简体繁体 English

Linux中的高性能数据包处理

[英]High performance packet handling in Linux

原文 2015-01-14 17:31:23 1 2 linux/ performance/ linux-kernel/ network-programming/ arm

I'm working on a packet reshaping project in Linux using the BeagleBone Black. 我正在使用BeagleBone Black在Linux中进行数据包重塑项目。 Basically, packets are received on one VLAN, modified, and then are sent out on a different VLAN. 基本上，数据包在一个VLAN上接收，修改，然后在另一个VLAN上发送出去。 This process is bidirectional - the VLANs are not designated as being input-only or output-only. 此过程是双向的-VLAN未指定为仅输入或仅输出。 It's similar to a network bridge, but packets are altered (sometimes fairly significantly) in-transit. 它类似于网桥，但是在传输过程中数据包被更改（有时相当明显）。

I've tried two different methods for accomplishing this: 我尝试了两种不同的方法来实现此目的：

Creating a user space application that opens raw sockets on both interfaces. 创建一个在两个接口上都打开原始套接字的用户空间应用程序。 All packet processing (including bridging) is handled in the application. 所有数据包处理（包括桥接）都在应用程序中处理。
Setting up a software bridge (using the kernel bridge module) and adding a kernel module that installs a netfilter hook in post routing (NF_BR_POST_ROUTING). 设置软件桥（使用内核桥模块）并添加一个内核模块，该模块在后路由（NF_BR_POST_ROUTING）中安装一个netfilter挂钩。 All packet processing is handled in the kernel. 所有的数据包处理都在内核中进行。

The second option appears to be around 4 times faster than the first option. 第二个选项似乎比第一个选项快4倍。 I'd like to understand more about why this is. 我想进一步了解这是为什么。 I've tried brainstorming a bit and wondered if there is a substantial performance hit in rapidly switching between kernel and user space, or maybe something about the socket interface is inherently slow? 我试过集思广益，想知道在内核和用户空间之间快速切换是否会对性能产生重大影响，或者套接字接口的固有速度是否很慢？

I think the user application is fairly optimized (for example, I'm using PACKET_MMAP), but it's possible that it could be optimized further. 我认为用户应用程序已经过优化（例如，我正在使用PACKET_MMAP），但是有可能对其进行进一步优化。 I ran perf on the application and noticed that it was spending a good deal of time (35%) in v7_flush_kern_dcache_area, so perhaps this is a likely candidate. 我在应用程序上运行了性能，并发现它在v7_flush_kern_dcache_area中花费了大量时间（35％），因此也许是一个可能的选择。 If there are any other suggestions on common ways to optimize packet processing I can give them a try. 如果对优化包处理的常用方法还有其他建议，我可以尝试一下。

2 个解决方案

Context switches are expensive and kernel to user space switches imply a context switch. 上下文切换非常昂贵，内核到用户空间的切换意味着上下文切换。 You can see this article for exact numbers, but the stated durations are all in the order of microseconds. 您可以看到本文的确切数字，但规定的持续时间都以微秒为单位。

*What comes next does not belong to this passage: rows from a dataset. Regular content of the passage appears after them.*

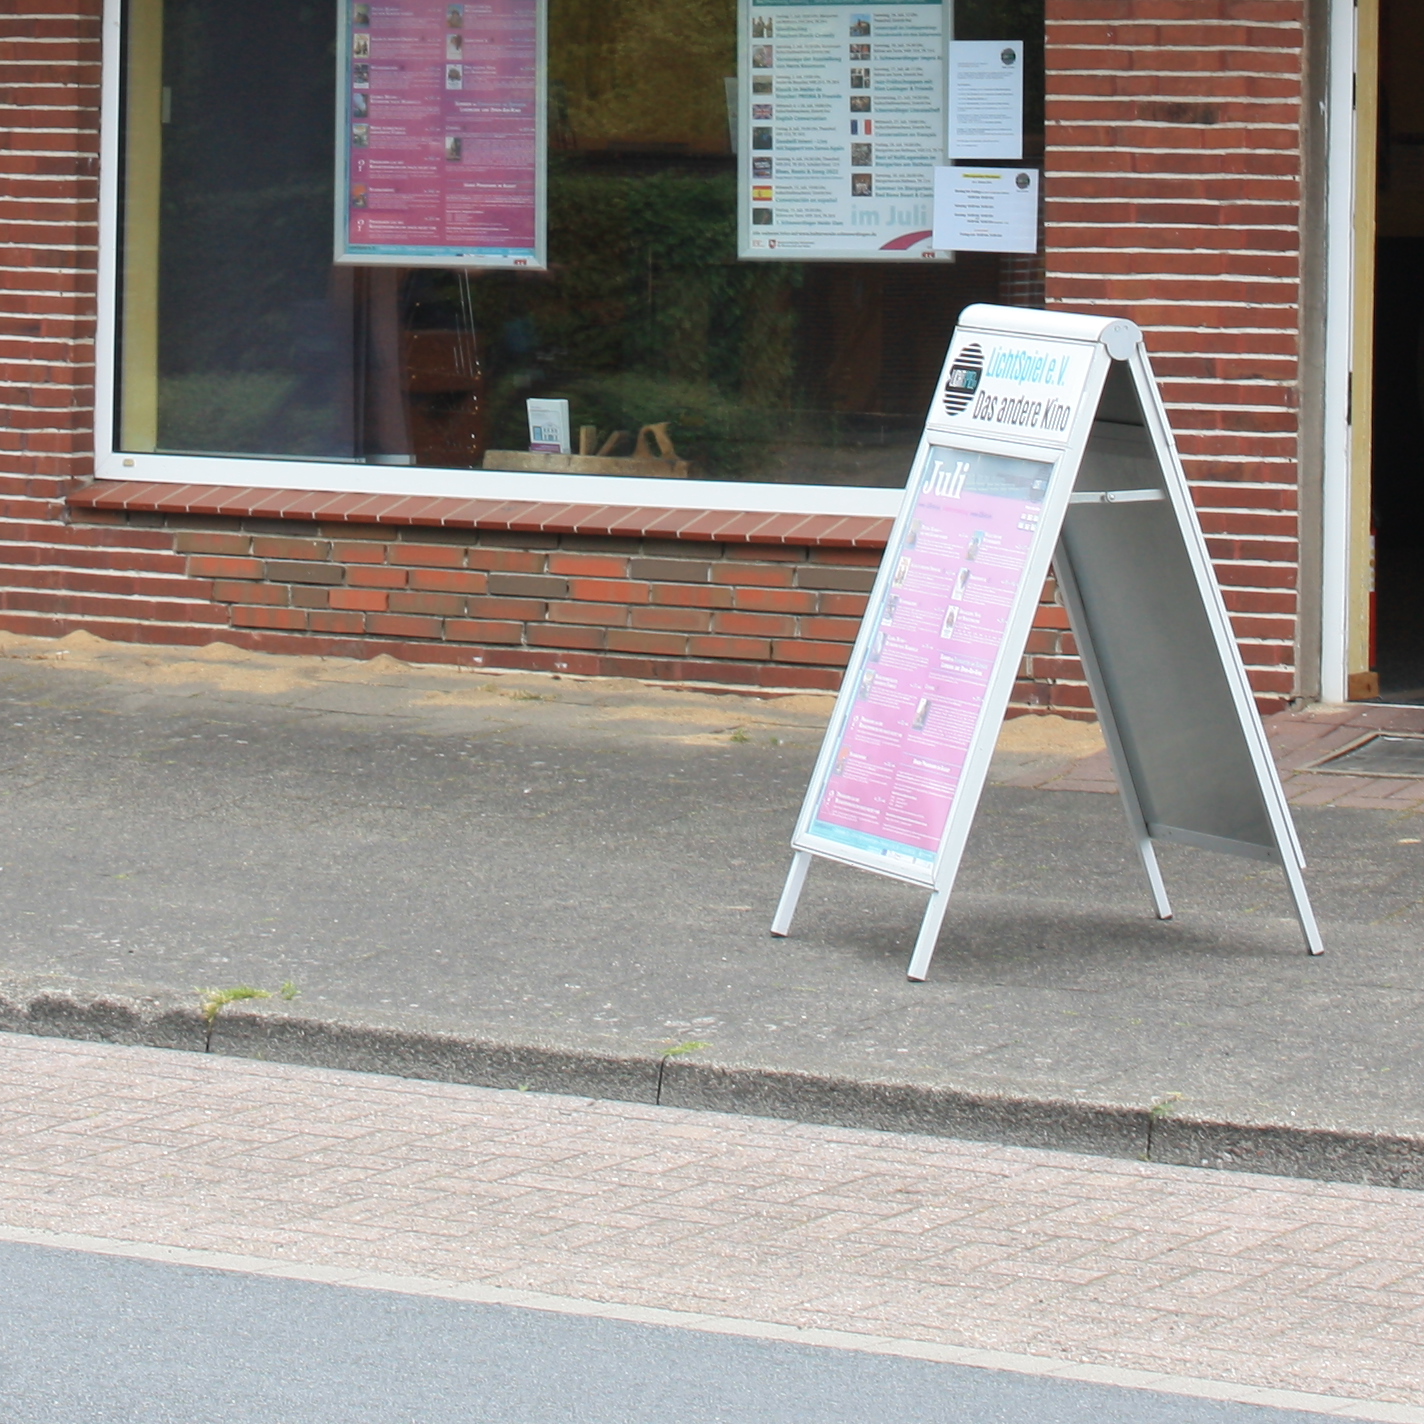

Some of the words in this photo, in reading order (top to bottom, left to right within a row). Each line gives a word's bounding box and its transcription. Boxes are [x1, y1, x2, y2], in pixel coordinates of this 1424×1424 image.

[850, 204, 881, 226] im
[885, 203, 928, 227] Juli
[986, 346, 1049, 385] LichtSpiel
[973, 389, 998, 421] Das
[996, 395, 1042, 428] andere
[1040, 398, 1071, 432] Kino
[922, 460, 970, 499] Juli

You can also use lmbench to benchmark the real cost of context switches on your particular cpu. 您还可以使用lmbench基准测试特定cpu上上下文切换的实际成本。

The performance of the user space application depends on the used syscall to monitor the sockets too. 用户空间应用程序的性能也取决于所使用的syscall来监视套接字。 The fastest syscall is epoll() when you need to handle a lot of sockets. 当您需要处理大量套接字时，最快的syscall是epoll（）。 select() will perform very poor, if you handle a lot of sockets. 如果您处理许多套接字，select（）的性能将很差。

See this post explaining it: Why is epoll faster than select? 看到这篇文章解释它：为什么epoll比select更快？